:: WHAT TO DO ::
Every line from the one with "this 1600×900 image." through the final line of the entries below should be returned exactly; leave out all other lines.
── DATA TO USE
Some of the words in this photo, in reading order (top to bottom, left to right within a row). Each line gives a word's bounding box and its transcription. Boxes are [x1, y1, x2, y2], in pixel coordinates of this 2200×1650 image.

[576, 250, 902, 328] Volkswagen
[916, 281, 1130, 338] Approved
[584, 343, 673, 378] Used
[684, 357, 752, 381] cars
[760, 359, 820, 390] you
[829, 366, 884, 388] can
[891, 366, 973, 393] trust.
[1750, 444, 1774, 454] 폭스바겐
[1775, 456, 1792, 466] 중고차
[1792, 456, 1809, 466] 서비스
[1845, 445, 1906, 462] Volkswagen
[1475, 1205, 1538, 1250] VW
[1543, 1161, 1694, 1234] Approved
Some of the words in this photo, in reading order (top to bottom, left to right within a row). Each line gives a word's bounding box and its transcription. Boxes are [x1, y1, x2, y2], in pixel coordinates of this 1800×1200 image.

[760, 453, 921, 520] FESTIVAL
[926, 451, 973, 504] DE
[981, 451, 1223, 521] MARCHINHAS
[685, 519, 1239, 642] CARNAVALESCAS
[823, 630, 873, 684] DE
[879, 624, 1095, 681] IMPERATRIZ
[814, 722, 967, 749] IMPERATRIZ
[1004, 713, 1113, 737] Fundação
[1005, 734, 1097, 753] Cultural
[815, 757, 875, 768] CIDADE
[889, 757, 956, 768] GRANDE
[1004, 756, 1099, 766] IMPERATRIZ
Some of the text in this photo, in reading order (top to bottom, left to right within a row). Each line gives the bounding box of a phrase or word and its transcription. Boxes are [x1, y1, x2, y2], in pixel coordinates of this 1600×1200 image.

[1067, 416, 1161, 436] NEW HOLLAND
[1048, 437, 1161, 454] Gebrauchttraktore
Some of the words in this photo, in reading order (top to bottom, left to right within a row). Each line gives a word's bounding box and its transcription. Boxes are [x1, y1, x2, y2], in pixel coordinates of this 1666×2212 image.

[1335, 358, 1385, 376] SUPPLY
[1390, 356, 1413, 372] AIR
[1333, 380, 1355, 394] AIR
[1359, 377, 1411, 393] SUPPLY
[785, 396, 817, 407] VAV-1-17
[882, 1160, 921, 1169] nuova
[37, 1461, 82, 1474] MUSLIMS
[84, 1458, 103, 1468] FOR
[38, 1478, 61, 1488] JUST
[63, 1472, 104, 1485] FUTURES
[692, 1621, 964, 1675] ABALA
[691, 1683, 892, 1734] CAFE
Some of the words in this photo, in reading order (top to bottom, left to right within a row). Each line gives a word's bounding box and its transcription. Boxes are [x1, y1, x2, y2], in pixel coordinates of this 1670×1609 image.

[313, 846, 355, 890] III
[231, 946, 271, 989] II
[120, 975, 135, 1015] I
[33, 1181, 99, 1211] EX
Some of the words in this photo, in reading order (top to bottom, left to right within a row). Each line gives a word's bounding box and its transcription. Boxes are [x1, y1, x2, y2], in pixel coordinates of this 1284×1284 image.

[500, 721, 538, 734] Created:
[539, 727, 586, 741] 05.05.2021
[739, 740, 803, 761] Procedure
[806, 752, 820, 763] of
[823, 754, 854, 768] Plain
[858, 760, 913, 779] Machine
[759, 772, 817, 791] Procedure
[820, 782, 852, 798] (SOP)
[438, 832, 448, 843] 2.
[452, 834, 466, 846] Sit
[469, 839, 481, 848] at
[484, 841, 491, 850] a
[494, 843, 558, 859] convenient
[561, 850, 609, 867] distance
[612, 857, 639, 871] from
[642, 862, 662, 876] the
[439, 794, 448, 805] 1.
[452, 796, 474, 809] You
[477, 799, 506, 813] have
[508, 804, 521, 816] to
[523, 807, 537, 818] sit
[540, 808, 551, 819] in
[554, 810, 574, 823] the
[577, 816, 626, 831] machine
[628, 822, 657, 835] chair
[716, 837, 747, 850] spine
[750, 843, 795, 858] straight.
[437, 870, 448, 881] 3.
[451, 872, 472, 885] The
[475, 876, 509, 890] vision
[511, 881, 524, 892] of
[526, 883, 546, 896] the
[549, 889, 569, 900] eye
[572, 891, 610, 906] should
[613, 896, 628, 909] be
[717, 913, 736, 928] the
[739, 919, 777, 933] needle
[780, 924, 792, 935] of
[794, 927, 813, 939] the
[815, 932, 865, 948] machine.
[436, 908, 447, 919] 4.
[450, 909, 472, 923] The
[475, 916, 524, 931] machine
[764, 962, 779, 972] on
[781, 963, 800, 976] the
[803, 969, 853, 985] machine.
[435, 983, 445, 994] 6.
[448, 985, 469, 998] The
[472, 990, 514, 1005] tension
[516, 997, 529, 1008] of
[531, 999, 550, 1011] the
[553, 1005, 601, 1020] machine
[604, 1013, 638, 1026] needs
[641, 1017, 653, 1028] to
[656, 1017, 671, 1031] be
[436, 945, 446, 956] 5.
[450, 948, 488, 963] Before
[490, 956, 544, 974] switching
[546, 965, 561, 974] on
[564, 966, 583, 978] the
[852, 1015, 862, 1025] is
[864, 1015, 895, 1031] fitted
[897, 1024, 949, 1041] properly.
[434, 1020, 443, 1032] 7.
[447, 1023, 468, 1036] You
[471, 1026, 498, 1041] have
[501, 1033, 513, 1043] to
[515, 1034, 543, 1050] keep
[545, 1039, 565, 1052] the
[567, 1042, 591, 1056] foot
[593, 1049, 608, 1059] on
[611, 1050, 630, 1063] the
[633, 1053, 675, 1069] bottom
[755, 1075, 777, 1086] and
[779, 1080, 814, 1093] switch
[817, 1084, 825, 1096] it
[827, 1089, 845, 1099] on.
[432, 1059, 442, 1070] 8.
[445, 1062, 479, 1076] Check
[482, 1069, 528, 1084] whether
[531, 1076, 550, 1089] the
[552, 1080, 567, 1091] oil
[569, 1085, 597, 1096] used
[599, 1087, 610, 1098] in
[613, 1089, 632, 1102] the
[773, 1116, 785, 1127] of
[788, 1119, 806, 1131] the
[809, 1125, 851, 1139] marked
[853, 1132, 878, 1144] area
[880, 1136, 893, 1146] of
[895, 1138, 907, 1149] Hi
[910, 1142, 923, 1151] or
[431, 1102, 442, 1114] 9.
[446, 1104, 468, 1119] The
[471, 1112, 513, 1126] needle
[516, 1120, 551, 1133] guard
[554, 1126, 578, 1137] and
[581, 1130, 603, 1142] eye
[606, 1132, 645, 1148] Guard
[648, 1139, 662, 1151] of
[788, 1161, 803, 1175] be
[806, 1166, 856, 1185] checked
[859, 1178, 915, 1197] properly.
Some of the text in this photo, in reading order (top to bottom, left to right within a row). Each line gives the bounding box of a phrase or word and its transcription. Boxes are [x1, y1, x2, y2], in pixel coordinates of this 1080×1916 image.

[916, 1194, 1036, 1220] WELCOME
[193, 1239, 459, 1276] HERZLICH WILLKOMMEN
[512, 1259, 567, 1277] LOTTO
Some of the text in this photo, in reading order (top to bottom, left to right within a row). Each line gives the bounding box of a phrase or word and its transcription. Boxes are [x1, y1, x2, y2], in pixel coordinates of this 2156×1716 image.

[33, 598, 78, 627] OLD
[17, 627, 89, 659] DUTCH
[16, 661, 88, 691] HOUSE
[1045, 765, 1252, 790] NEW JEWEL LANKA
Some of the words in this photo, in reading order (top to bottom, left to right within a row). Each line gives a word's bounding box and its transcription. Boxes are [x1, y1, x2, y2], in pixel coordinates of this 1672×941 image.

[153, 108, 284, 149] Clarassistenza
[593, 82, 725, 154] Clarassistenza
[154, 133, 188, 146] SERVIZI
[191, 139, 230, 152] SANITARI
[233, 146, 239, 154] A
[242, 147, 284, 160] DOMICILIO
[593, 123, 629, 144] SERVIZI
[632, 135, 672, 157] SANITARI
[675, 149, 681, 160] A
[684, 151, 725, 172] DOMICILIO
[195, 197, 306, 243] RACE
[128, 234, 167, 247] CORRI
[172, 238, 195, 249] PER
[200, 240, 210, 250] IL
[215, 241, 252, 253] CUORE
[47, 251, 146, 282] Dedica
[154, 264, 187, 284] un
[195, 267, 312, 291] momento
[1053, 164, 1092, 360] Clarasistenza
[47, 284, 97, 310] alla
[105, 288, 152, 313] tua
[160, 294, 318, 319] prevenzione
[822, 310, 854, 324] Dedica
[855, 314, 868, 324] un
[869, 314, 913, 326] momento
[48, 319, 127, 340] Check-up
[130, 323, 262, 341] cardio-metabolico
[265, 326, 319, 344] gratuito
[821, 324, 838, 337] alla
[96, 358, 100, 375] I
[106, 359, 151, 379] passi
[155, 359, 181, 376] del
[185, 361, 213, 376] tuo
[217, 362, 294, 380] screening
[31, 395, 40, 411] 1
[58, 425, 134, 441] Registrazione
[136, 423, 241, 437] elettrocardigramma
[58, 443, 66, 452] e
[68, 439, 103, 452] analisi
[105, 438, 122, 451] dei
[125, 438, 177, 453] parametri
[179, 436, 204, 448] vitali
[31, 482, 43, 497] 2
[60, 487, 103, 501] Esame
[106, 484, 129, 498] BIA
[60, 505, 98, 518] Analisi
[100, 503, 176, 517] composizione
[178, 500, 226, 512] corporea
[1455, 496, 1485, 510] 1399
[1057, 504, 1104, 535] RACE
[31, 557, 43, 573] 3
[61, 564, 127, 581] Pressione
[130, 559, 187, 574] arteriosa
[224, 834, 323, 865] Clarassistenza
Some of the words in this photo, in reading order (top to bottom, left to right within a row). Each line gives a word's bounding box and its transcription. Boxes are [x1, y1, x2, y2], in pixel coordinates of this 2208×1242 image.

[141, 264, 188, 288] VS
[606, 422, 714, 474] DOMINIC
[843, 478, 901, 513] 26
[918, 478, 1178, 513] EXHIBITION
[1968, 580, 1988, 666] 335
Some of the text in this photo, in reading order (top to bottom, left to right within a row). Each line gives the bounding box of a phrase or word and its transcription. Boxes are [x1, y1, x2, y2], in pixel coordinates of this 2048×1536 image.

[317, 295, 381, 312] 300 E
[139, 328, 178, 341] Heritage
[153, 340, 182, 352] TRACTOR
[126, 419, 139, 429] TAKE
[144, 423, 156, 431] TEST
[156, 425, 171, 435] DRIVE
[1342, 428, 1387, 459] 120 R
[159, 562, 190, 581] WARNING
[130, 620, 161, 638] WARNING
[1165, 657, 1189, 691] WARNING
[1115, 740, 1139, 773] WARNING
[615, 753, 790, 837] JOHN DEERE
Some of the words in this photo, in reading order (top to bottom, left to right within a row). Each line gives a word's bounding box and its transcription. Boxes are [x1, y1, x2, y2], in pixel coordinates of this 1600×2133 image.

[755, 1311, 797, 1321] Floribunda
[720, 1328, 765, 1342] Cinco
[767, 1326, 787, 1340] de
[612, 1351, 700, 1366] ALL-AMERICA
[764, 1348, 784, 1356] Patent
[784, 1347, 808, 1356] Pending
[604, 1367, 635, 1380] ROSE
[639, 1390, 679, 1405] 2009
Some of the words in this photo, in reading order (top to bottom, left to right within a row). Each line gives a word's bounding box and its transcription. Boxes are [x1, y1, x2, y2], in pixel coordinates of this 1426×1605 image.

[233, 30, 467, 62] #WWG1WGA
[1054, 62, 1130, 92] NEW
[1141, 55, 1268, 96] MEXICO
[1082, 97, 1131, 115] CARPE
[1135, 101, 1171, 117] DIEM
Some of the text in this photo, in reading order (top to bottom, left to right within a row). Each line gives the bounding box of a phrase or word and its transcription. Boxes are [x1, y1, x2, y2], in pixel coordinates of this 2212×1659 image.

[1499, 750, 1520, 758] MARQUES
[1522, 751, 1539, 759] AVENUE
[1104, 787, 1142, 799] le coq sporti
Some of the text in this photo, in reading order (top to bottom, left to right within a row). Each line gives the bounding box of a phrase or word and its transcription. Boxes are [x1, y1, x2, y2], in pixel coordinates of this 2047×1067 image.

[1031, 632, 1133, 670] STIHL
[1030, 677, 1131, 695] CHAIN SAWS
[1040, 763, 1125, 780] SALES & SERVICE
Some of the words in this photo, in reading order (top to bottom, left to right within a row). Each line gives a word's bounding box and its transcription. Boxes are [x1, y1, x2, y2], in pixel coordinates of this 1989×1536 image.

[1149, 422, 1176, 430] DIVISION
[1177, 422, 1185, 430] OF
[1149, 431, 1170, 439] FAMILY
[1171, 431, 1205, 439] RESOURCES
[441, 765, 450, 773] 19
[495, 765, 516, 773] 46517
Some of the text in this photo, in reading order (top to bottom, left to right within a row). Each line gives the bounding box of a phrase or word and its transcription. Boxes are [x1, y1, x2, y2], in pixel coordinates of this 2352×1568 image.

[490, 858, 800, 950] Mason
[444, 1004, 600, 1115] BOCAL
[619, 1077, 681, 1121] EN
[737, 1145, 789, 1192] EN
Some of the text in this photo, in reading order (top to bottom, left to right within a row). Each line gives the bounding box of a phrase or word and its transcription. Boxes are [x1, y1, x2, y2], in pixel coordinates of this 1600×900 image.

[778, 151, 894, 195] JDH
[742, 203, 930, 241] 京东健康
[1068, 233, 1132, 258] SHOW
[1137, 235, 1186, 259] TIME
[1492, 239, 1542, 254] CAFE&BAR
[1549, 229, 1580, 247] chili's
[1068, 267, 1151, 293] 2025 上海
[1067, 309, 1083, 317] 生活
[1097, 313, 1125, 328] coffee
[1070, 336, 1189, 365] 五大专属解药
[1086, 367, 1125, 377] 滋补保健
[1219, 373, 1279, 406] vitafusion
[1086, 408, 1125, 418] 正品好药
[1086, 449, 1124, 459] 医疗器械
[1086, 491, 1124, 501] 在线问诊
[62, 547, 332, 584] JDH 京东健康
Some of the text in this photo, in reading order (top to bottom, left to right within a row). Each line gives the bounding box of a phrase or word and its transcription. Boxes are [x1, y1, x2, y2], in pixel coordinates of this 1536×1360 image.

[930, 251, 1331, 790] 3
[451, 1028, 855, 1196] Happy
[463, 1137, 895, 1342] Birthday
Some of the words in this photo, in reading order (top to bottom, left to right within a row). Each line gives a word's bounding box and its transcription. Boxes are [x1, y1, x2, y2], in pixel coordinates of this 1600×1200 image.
────
:: RESULT OF THE TASK ::
Some of the text in this photo, in reading order (top to bottom, left to right within a row). Each line gives the bounding box of a phrase or word and its transcription. Boxes are [x1, y1, x2, y2], in pixel coordinates of this 1600×900 image.

[778, 151, 894, 195] JDH
[742, 203, 930, 241] 京东健康
[1068, 233, 1132, 258] SHOW
[1137, 235, 1186, 259] TIME
[1492, 239, 1542, 254] CAFE&BAR
[1549, 229, 1580, 247] chili's
[1068, 267, 1151, 293] 2025 上海
[1067, 309, 1083, 317] 生活
[1097, 313, 1125, 328] coffee
[1070, 336, 1189, 365] 五大专属解药
[1086, 367, 1125, 377] 滋补保健
[1219, 373, 1279, 406] vitafusion
[1086, 408, 1125, 418] 正品好药
[1086, 449, 1124, 459] 医疗器械
[1086, 491, 1124, 501] 在线问诊
[62, 547, 332, 584] JDH 京东健康
Some of the text in this photo, in reading order (top to bottom, left to right within a row). Each line gives the bounding box of a phrase or word and its transcription. Boxes are [x1, y1, x2, y2], in pixel coordinates of this 1536×1360 image.

[930, 251, 1331, 790] 3
[451, 1028, 855, 1196] Happy
[463, 1137, 895, 1342] Birthday
Some of the words in this photo, in reading order (top to bottom, left to right within a row). Each line gives a word's bounding box and its transcription. Boxes are [x1, y1, x2, y2], in pixel coordinates of this 1600×1200 image.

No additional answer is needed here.